Staunton, May 16 – Russian government media have worked overtime to blame the problems those in Russia suffering from cancer now face, but Bakhodur Kamolov, a Russian oncologist, says that while sanctions have exacerbated these difficulties, they are far from the most important causes.
Those have arisen over the last three decades as a result of the chaos in Russian medicine during perestroika and the 1990s, Vladimir Putin’s healthcare cutbacks known euphemistically as “optimization,” and the decline of domestic pharmaceutical producers and of the expert community (rosbalt.ru/piter/2022/05/16/1957867.html).

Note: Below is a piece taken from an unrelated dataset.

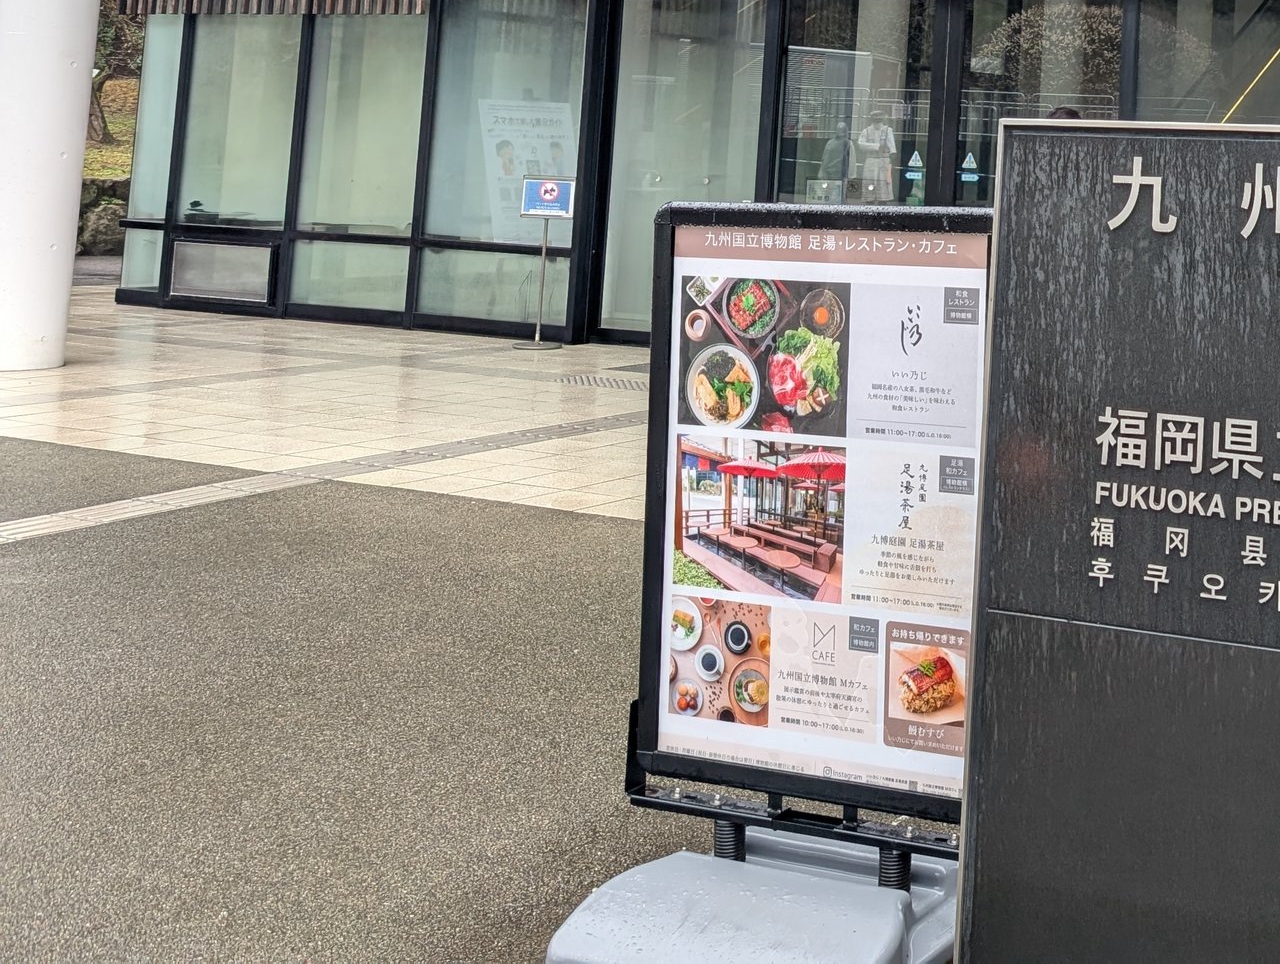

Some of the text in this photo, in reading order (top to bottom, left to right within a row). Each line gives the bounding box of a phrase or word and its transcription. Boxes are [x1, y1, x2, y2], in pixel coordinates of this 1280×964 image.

It is easy to point to the impact of sanctions which have made it more difficult for Russian researchers to travel and publish abroad, for Russian companies to import both medicines and components for the manufacture of medicine, and for Russian cancer victims to pay the rising costs of the most advanced medications, he says.
But these pale in significance in comparison to the basic problem: Over the last 30 years, Russian oncology as a science and as a practice have been at best stagnating while oncology in the West has been advancing by leaps and bounds, curing many now who would certainly have died prematurely only a few years ago.
(The author of these lines can attest to how remarkable that is. When he was diagnosed with leukemia a decade ago, he was told that only three years earlier, he would have been advised to prepare for death within two years. With a new chemo drug, he was told, he had a 90 percent chance of living two years, as opposed to a 90 percent mortality rate in the same period.)
Given that 300,000 Russians currently die each year from cancer, the situation is dire; but no one should blame it on sanctions alone. The policies of the Russian government are responsible and must be changed if lives are to be saved.